Lusby assessed Wijnaldum as Man-of-the-Match for an “industrious and intelligent” performance:
The Dutchman was full of energy throughout, as he battled with half-brother Rajiv van La Parra, showing industry and intelligent movement in the midfield.
Energetic, intelligent performance from the experienced Yorkshireman. He’s waited patiently for the opportunity to play in midfield and he’s making it difficult for Klopp to leave him out. His corners were good too, believe it or not.

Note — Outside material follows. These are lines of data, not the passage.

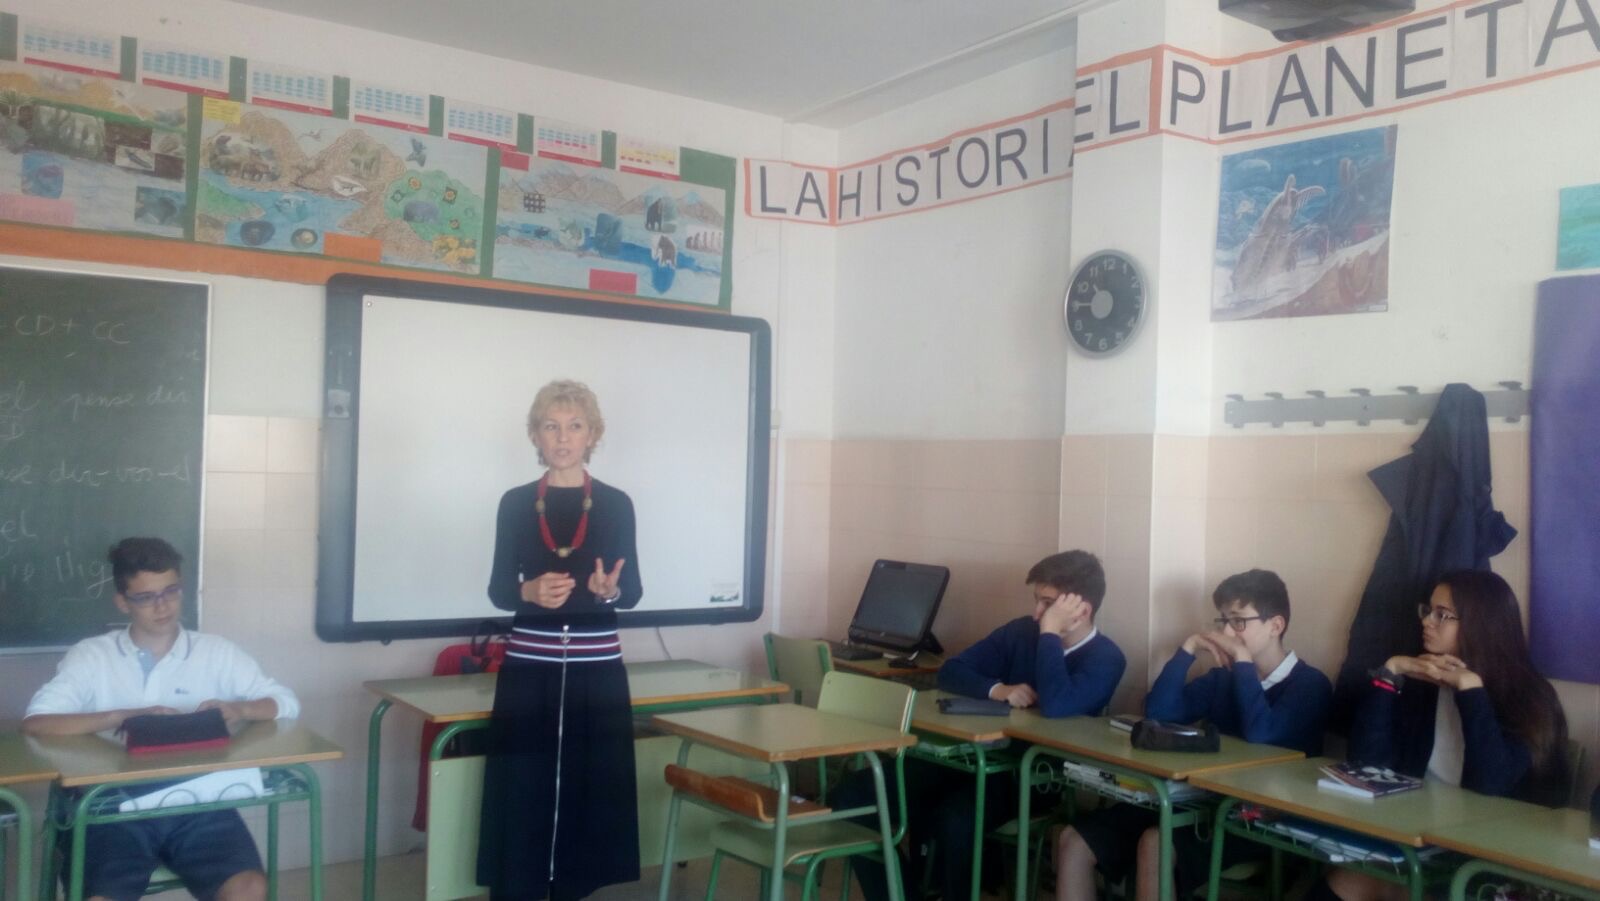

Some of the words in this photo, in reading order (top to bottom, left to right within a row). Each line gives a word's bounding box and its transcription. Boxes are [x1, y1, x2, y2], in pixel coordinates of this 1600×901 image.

[759, 165, 828, 219] LA
[837, 117, 1074, 221] HISTORI
[1169, 0, 1600, 136] PLANETA
[1102, 257, 1117, 271] 12
[1088, 265, 1099, 278] 11
[1084, 332, 1093, 345] 7
[1098, 338, 1108, 351] 6

Usher also assessed a “much-improved” display from Jordan Henderson:
Not the easiest game to play in as there were very few passing lanes open for him, but still managed to play a couple of fine long passes that led to chances. Only the post denied him a goal, and in the second half he set the tone with relentless pressing and energy. A much improved showing from the skipper.
However, Simon Hughes, for the Independent, saw Henderson in poor form, and assessed the captain’s struggles as a key factor to the Reds’ general defensive failure:
The defence aside, one of Liverpool’s problems is Jordan Henderson’s form.
When your confidence is as low as his appears to be, though, and basic passes are failing to meet their destination, is it any wonder that structurally this Liverpool team seems flawed?
Bascombe assessed Joe Gomez as the “most accomplished performer” at Anfield:
Their most accomplished performer in both halves here was also in their back four, Joe Gomez improving every week.